Task statement: Any image in the records is to be dropped, and everything else duplicated precisely.

Supplied information:
+---+
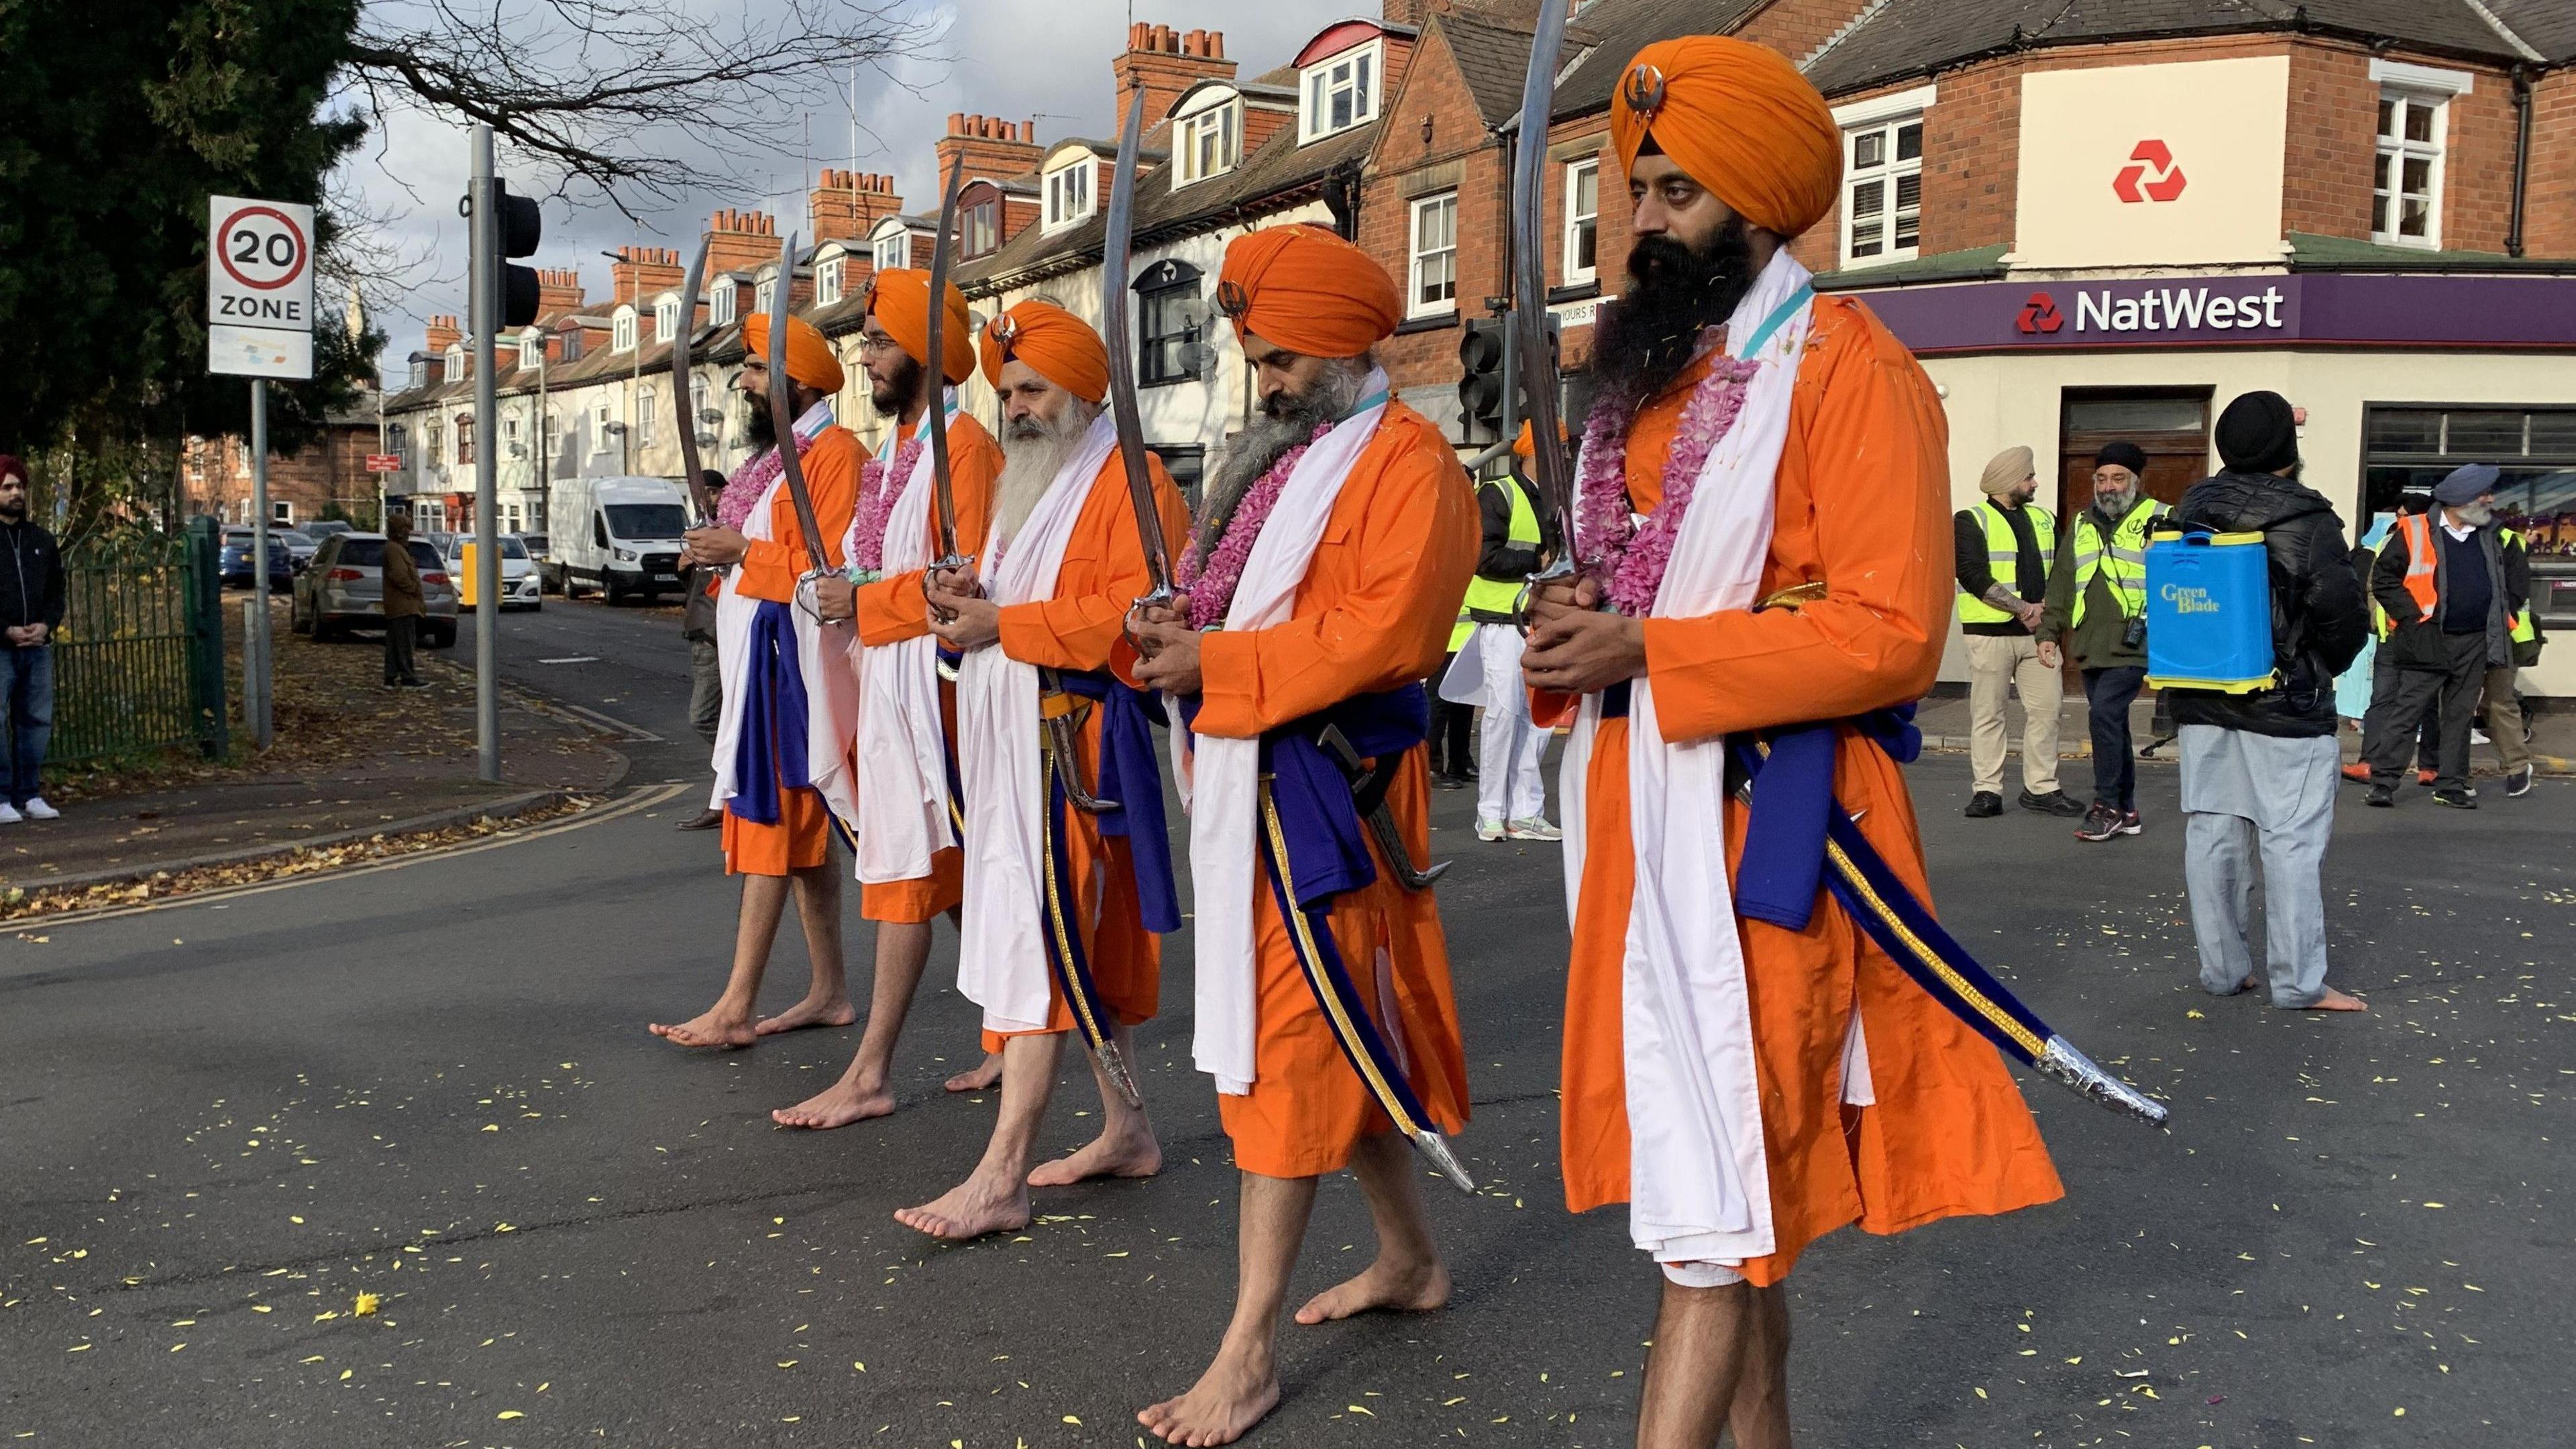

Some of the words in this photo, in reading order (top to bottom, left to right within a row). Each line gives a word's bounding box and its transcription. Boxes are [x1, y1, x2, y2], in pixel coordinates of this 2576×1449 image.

[233, 230, 295, 266] 20
[220, 295, 301, 320] ZONE
[1590, 305, 1595, 317] R
[2076, 286, 2284, 331] NatWest
[2161, 584, 2206, 600] Green
[2178, 598, 2219, 613] Blade
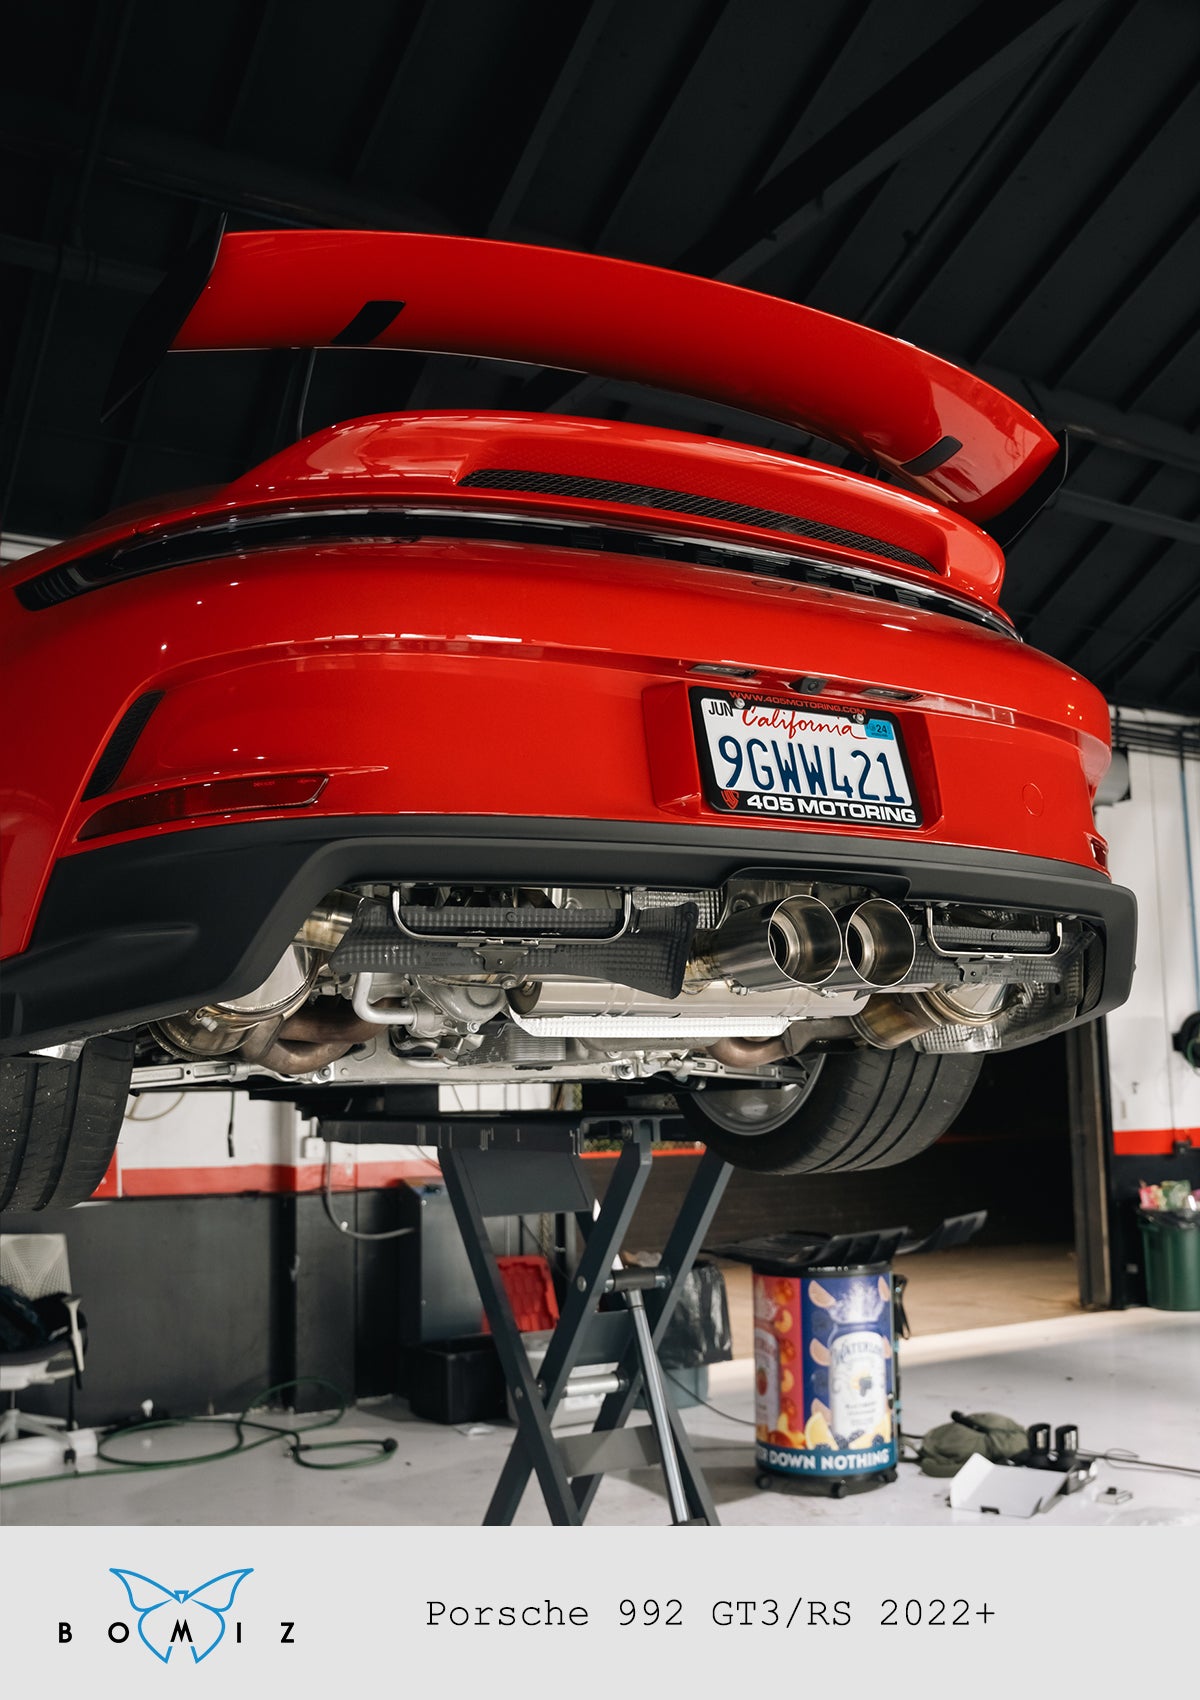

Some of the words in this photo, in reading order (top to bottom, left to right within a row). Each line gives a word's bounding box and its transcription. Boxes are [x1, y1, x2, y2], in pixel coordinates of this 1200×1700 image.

[709, 701, 733, 717] JUN
[729, 691, 866, 715] WWW.405MOTORING.COM
[742, 706, 867, 739] California
[718, 735, 905, 804] 9GWW421
[747, 794, 793, 814] 405
[799, 798, 917, 823] MOTORING
[769, 1451, 816, 1470] DOWN
[821, 1448, 889, 1471] NOTHING
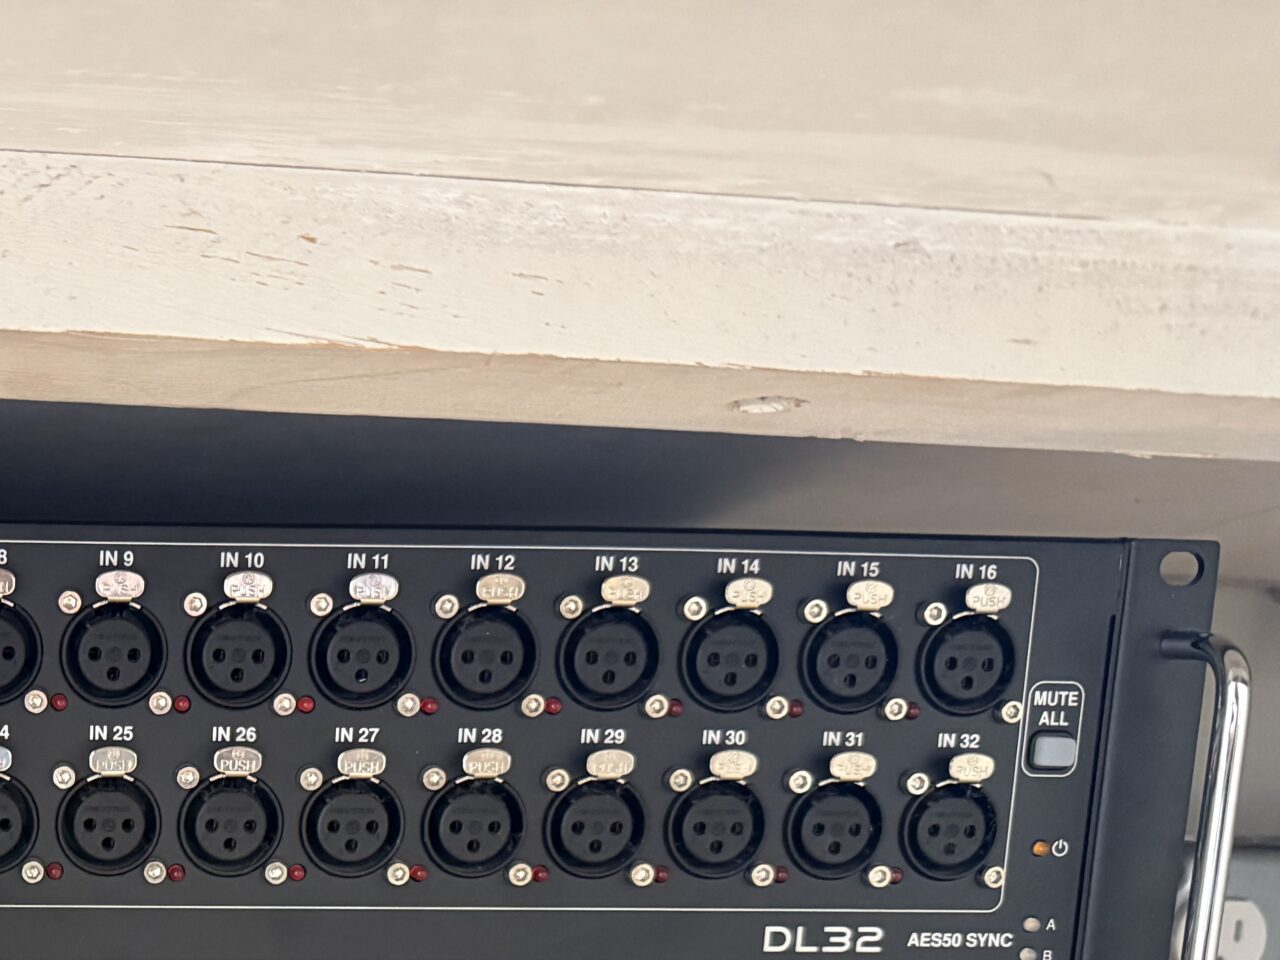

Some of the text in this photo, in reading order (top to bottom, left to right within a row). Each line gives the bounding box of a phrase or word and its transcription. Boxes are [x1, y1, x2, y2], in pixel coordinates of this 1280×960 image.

[99, 549, 134, 567] IN 9
[220, 551, 265, 569] IN 10
[347, 552, 389, 570] IN 11
[470, 553, 516, 571] IN 12
[594, 555, 639, 573] IN 13
[717, 557, 761, 575] IN 14
[836, 560, 880, 578] IN 15
[955, 563, 998, 580] IN 16
[972, 594, 1007, 608] PUSH
[1034, 691, 1078, 706] MUTE
[1038, 710, 1069, 726] ALL
[89, 724, 134, 742] IN 25
[212, 726, 257, 743] IN 26
[334, 726, 380, 743] IN 27
[457, 727, 503, 744] IN 28
[580, 728, 626, 745] IN 29
[702, 729, 747, 746] IN 30
[822, 731, 864, 747] IN 31
[937, 732, 981, 749] IN 32
[219, 758, 257, 772] PUSH
[1046, 919, 1056, 931] A
[762, 926, 885, 953] DL32
[907, 933, 1013, 947] AES50 SYNC
+---+
Answer space:
Some of the words in this photo, in reading order (top to bottom, left to right within a row). Each line gives a word's bounding box and its transcription. Boxes are [x1, y1, x2, y2], in pixel coordinates of this 2576×1449 image.

[233, 230, 295, 266] 20
[220, 295, 301, 320] ZONE
[1590, 305, 1595, 317] R
[2076, 286, 2284, 331] NatWest
[2161, 584, 2206, 600] Green
[2178, 598, 2219, 613] Blade

Some of the words in this photo, in reading order (top to bottom, left to right within a row). Each line gives a word's bounding box and its transcription. Boxes are [x1, y1, x2, y2], in pixel coordinates of this 1200×1700 image.

[709, 701, 733, 717] JUN
[729, 691, 866, 715] WWW.405MOTORING.COM
[742, 706, 867, 739] California
[718, 735, 905, 804] 9GWW421
[747, 794, 793, 814] 405
[799, 798, 917, 823] MOTORING
[769, 1451, 816, 1470] DOWN
[821, 1448, 889, 1471] NOTHING

Some of the text in this photo, in reading order (top to bottom, left to right within a row). Each line gives the bounding box of a phrase or word and its transcription. Boxes are [x1, y1, x2, y2], in pixel coordinates of this 1280×960 image.

[99, 549, 134, 567] IN 9
[220, 551, 265, 569] IN 10
[347, 552, 389, 570] IN 11
[470, 553, 516, 571] IN 12
[594, 555, 639, 573] IN 13
[717, 557, 761, 575] IN 14
[836, 560, 880, 578] IN 15
[955, 563, 998, 580] IN 16
[972, 594, 1007, 608] PUSH
[1034, 691, 1078, 706] MUTE
[1038, 710, 1069, 726] ALL
[89, 724, 134, 742] IN 25
[212, 726, 257, 743] IN 26
[334, 726, 380, 743] IN 27
[457, 727, 503, 744] IN 28
[580, 728, 626, 745] IN 29
[702, 729, 747, 746] IN 30
[822, 731, 864, 747] IN 31
[937, 732, 981, 749] IN 32
[219, 758, 257, 772] PUSH
[1046, 919, 1056, 931] A
[762, 926, 885, 953] DL32
[907, 933, 1013, 947] AES50 SYNC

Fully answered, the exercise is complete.